## What this task involves
Keep the wording of every entry intact in your copy, and omit the pictures.

*** Opening Input data ***

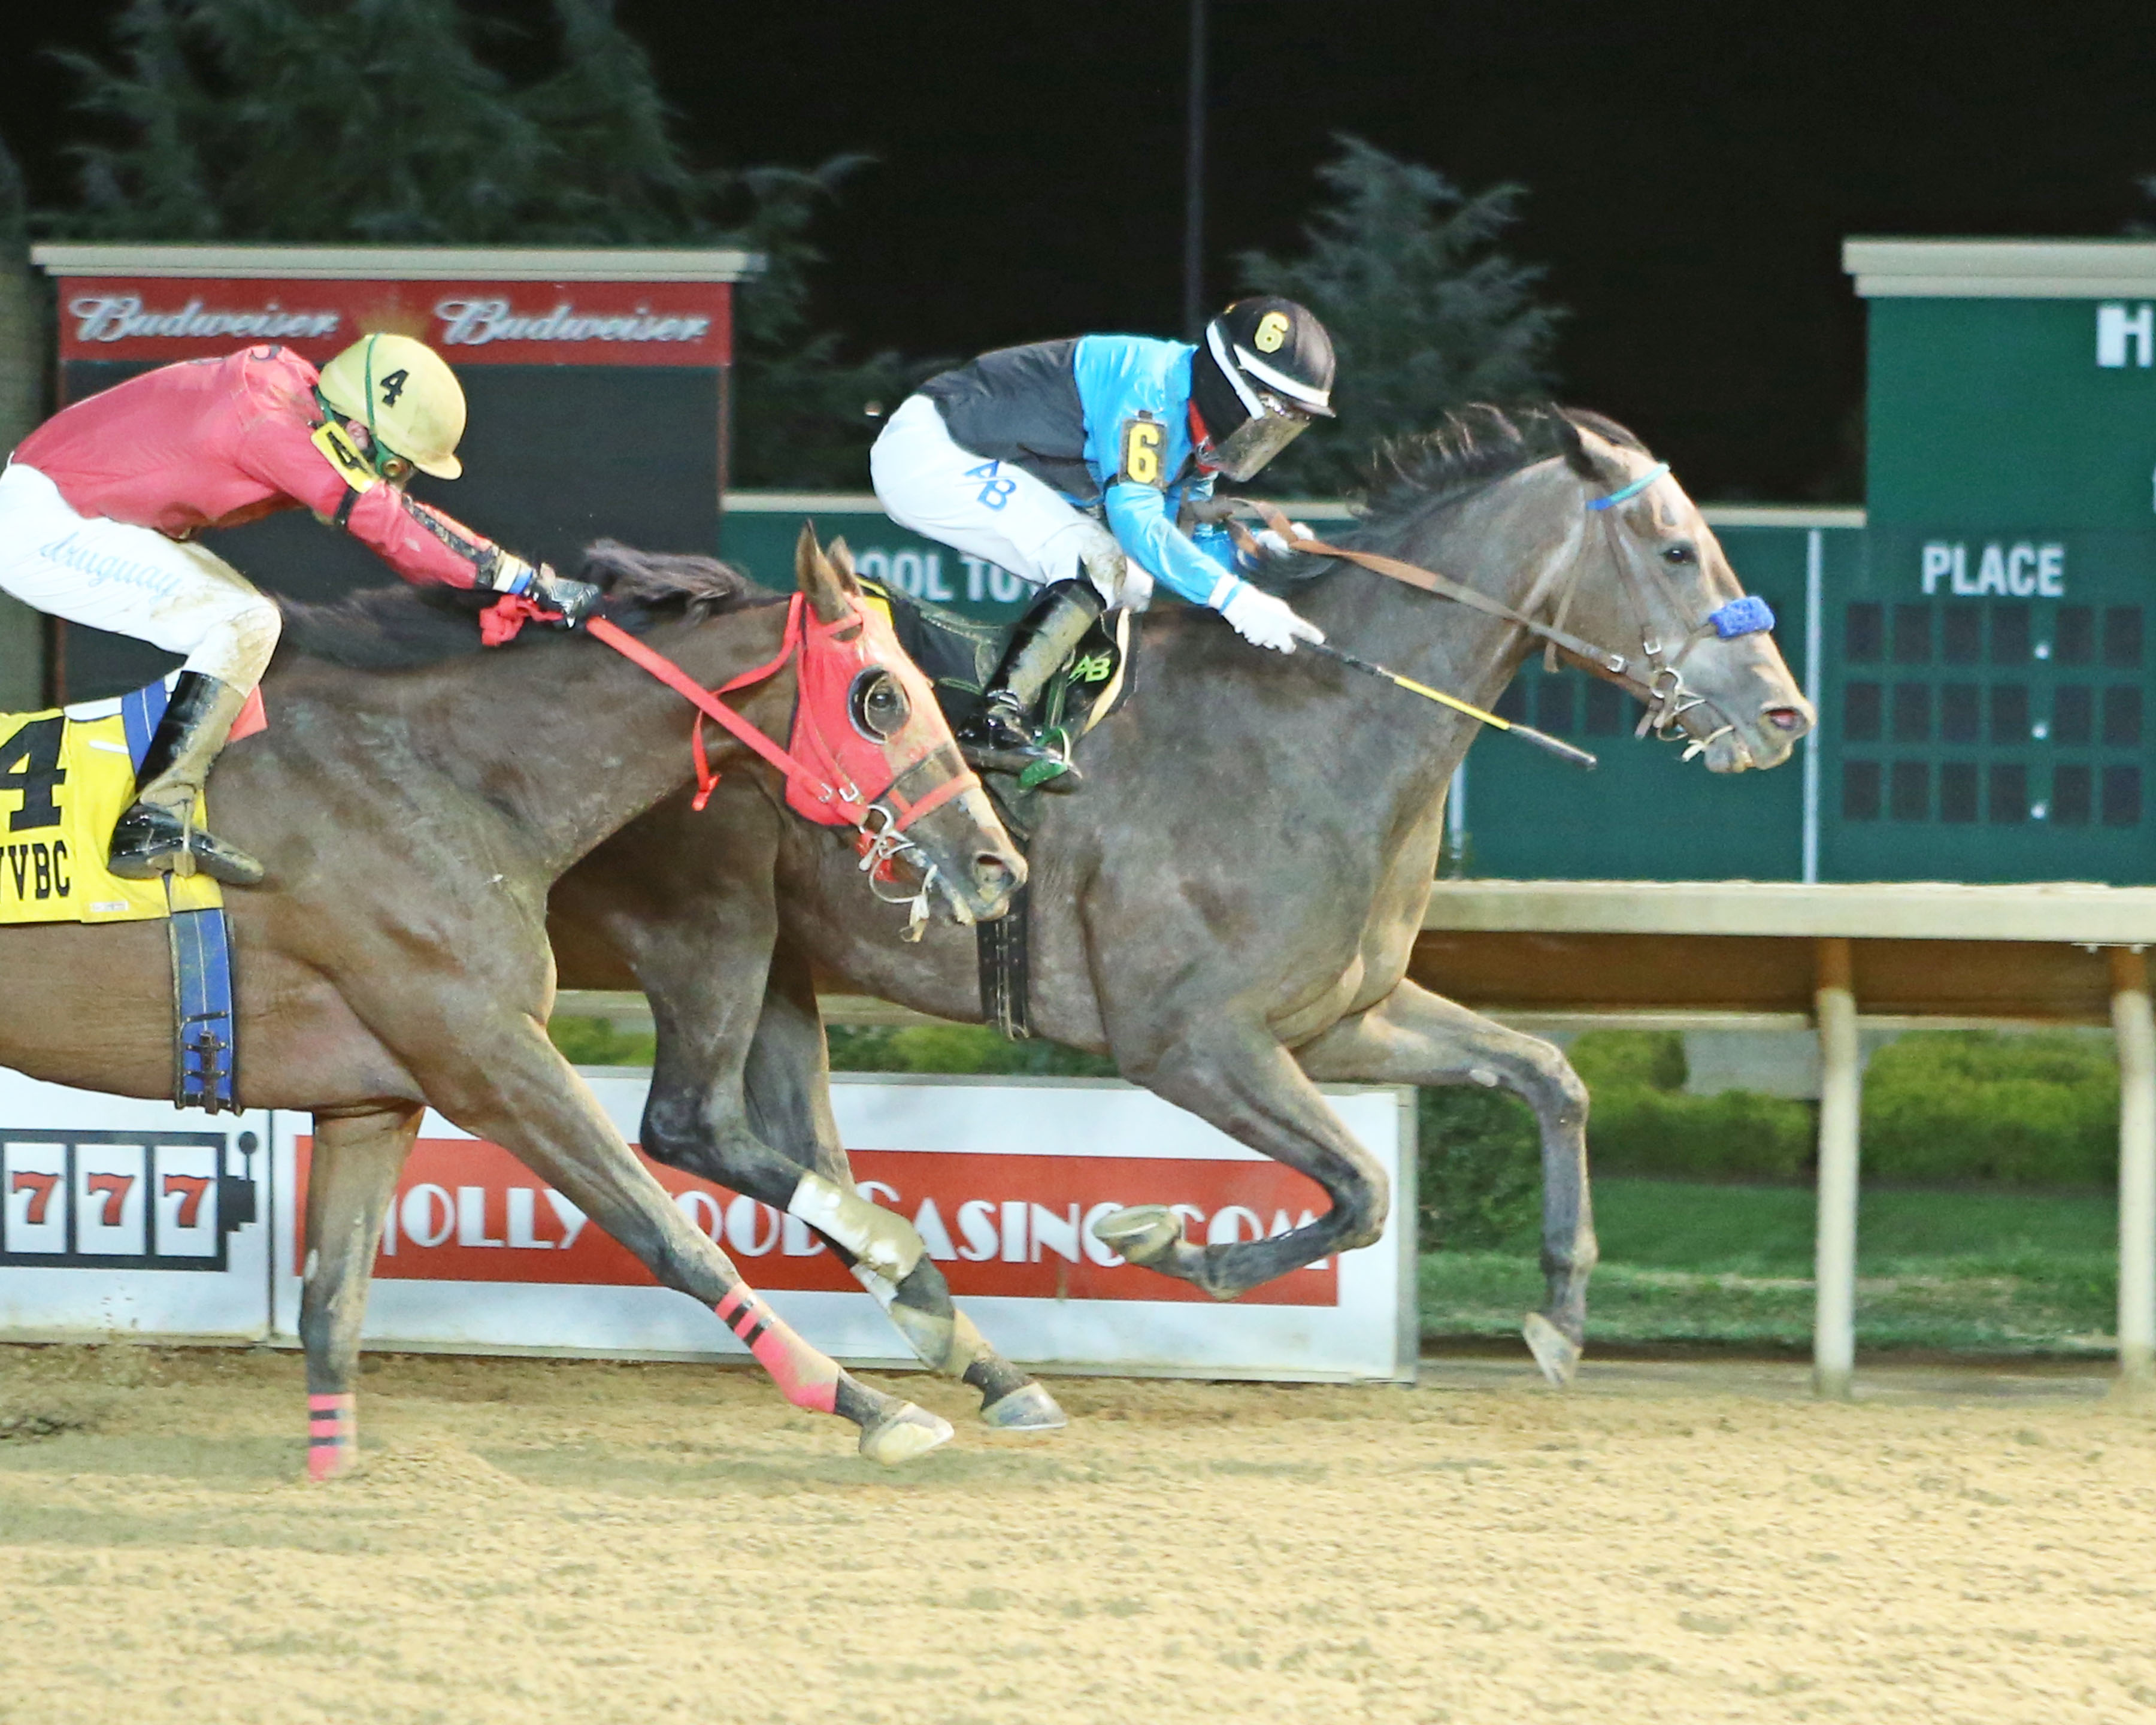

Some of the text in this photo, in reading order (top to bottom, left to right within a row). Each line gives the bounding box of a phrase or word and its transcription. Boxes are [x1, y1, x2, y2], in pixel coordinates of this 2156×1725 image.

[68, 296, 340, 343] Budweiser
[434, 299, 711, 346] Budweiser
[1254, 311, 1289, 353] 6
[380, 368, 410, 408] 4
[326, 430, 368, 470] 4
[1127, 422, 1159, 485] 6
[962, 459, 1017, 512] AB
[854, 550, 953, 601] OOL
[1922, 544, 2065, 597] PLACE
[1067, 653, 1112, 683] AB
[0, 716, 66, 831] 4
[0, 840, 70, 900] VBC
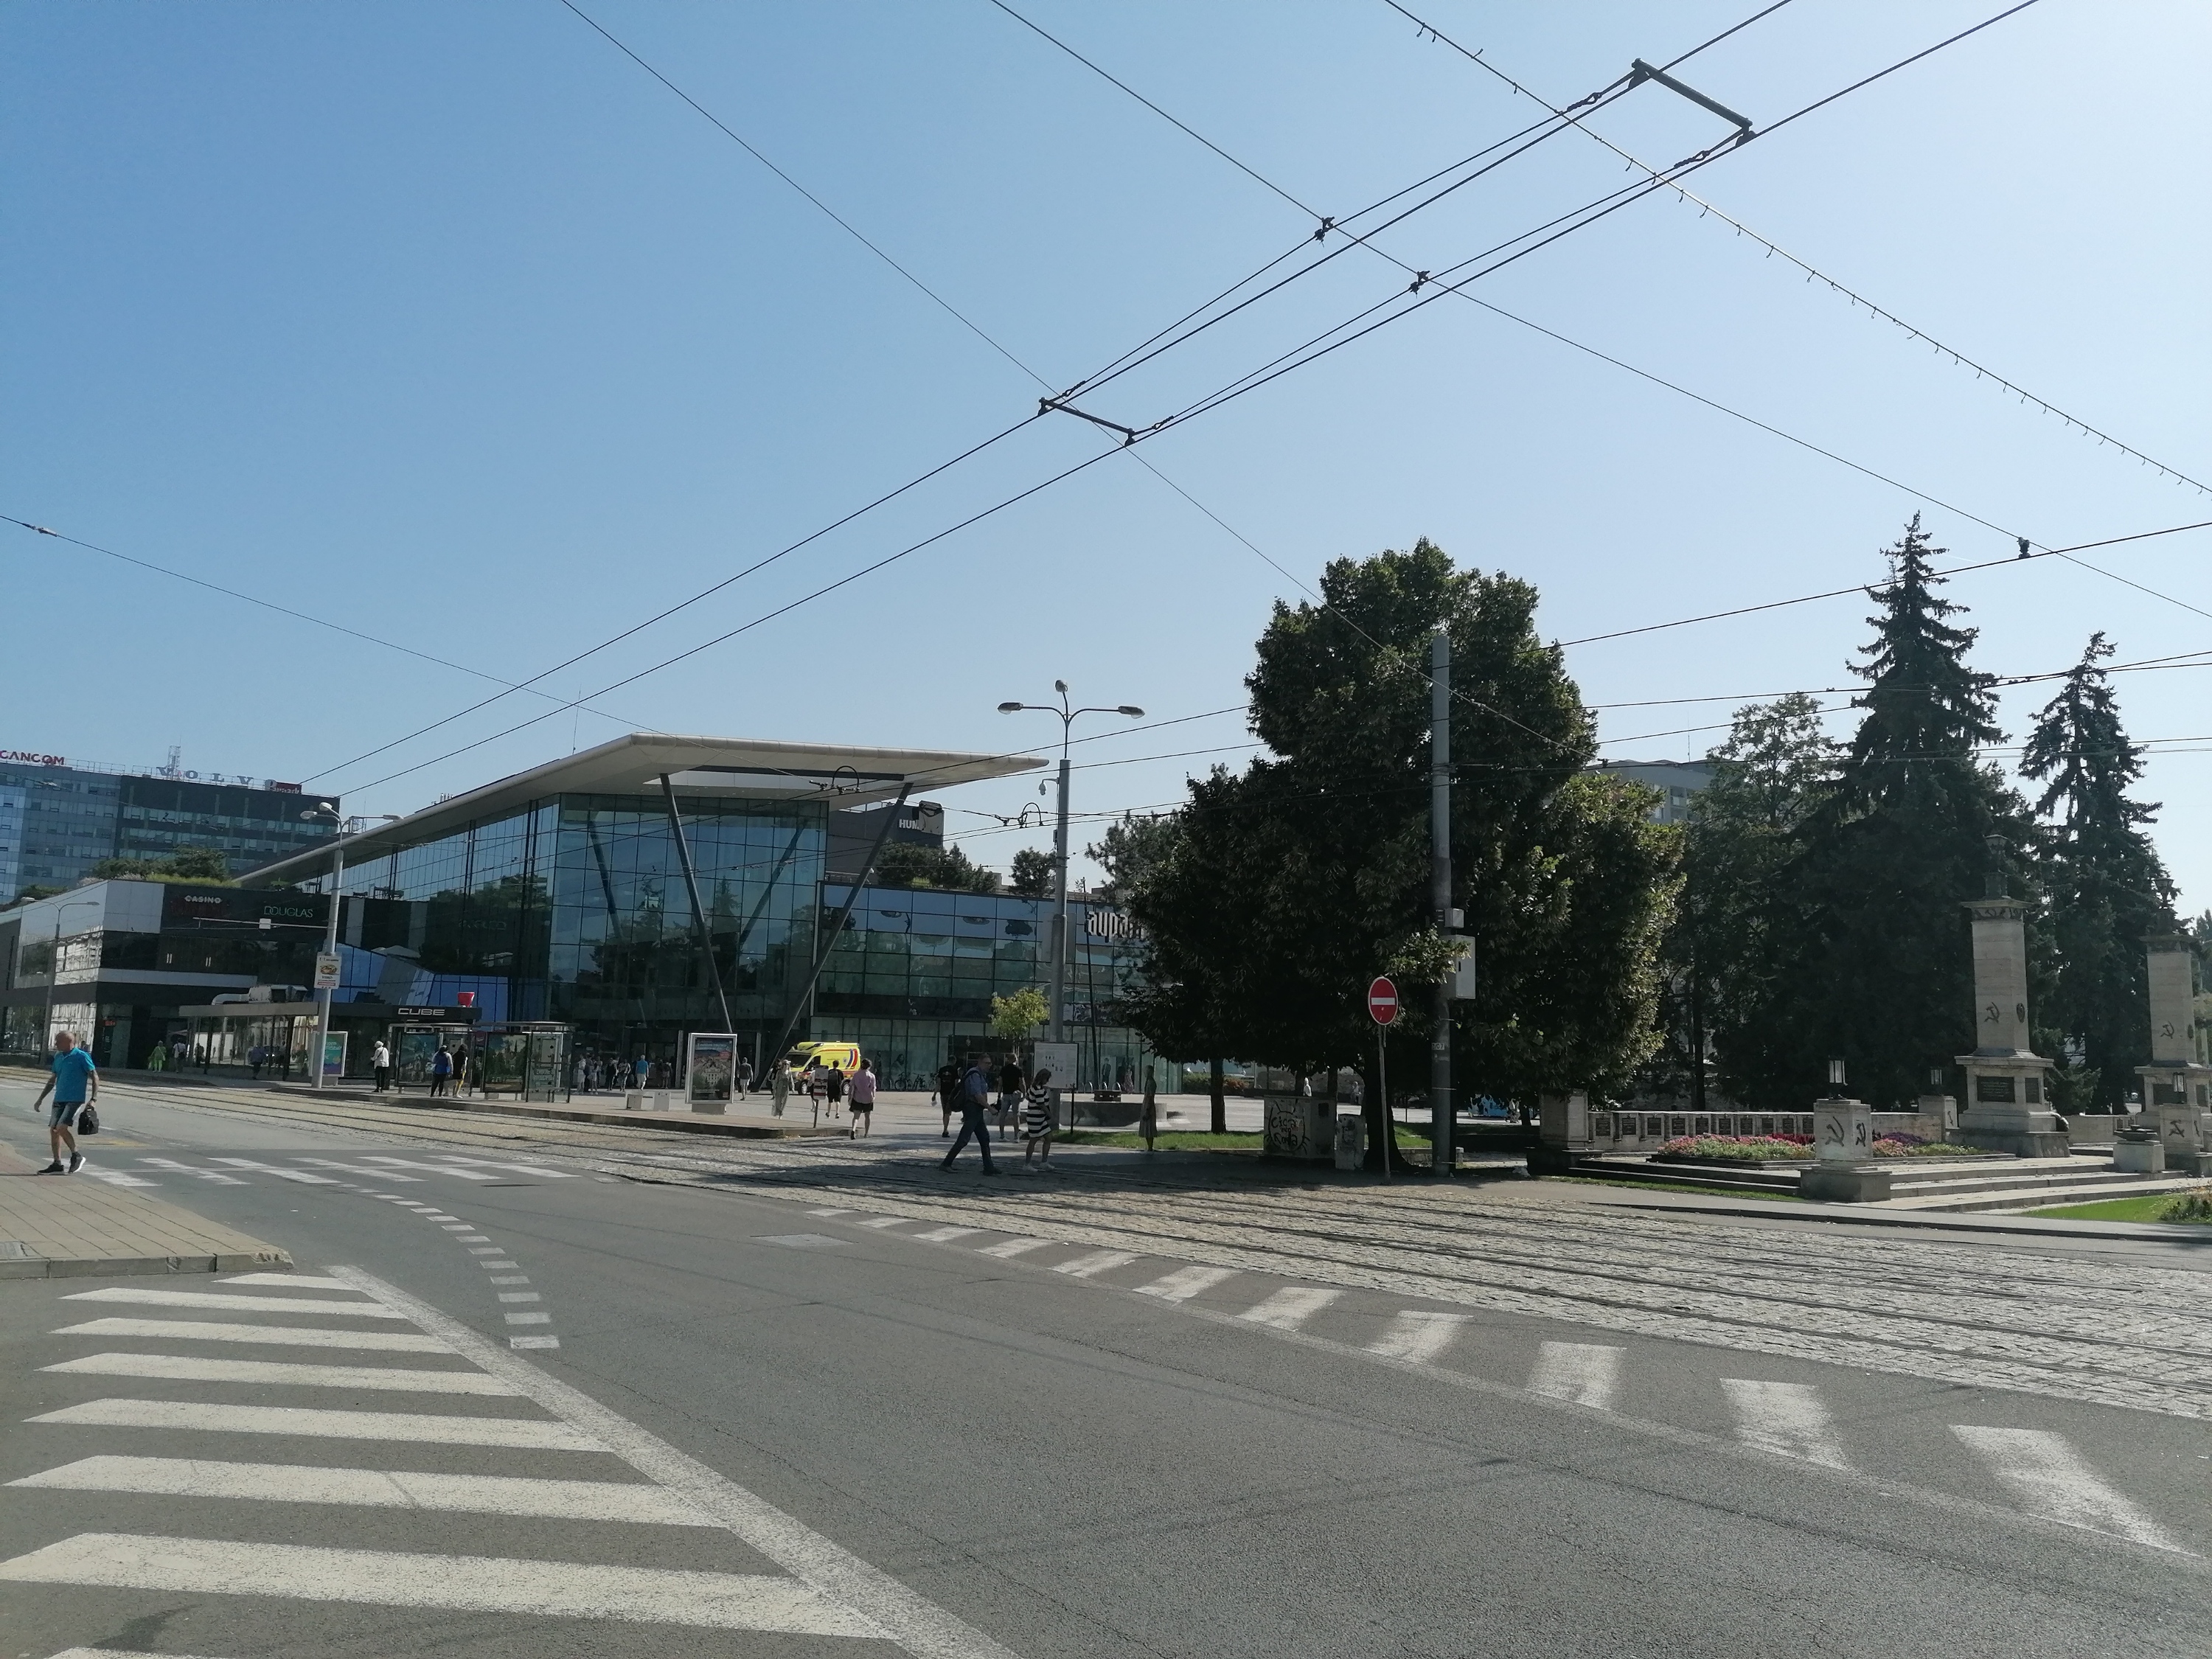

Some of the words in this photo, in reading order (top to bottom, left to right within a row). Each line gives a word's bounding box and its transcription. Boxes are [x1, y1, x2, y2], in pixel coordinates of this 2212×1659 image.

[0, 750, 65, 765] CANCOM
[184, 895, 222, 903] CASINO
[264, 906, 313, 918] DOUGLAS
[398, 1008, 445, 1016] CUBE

*** Closing Input data ***

## Output for this task
Some of the text in this photo, in reading order (top to bottom, left to right within a row). Each line gives the bounding box of a phrase or word and its transcription. Boxes are [x1, y1, x2, y2], in pixel coordinates of this 2156×1725 image.

[68, 296, 340, 343] Budweiser
[434, 299, 711, 346] Budweiser
[1254, 311, 1289, 353] 6
[380, 368, 410, 408] 4
[326, 430, 368, 470] 4
[1127, 422, 1159, 485] 6
[962, 459, 1017, 512] AB
[854, 550, 953, 601] OOL
[1922, 544, 2065, 597] PLACE
[1067, 653, 1112, 683] AB
[0, 716, 66, 831] 4
[0, 840, 70, 900] VBC

Some of the words in this photo, in reading order (top to bottom, left to right within a row). Each line gives a word's bounding box and its transcription. Boxes are [x1, y1, x2, y2], in pixel coordinates of this 2212×1659 image.

[0, 750, 65, 765] CANCOM
[184, 895, 222, 903] CASINO
[264, 906, 313, 918] DOUGLAS
[398, 1008, 445, 1016] CUBE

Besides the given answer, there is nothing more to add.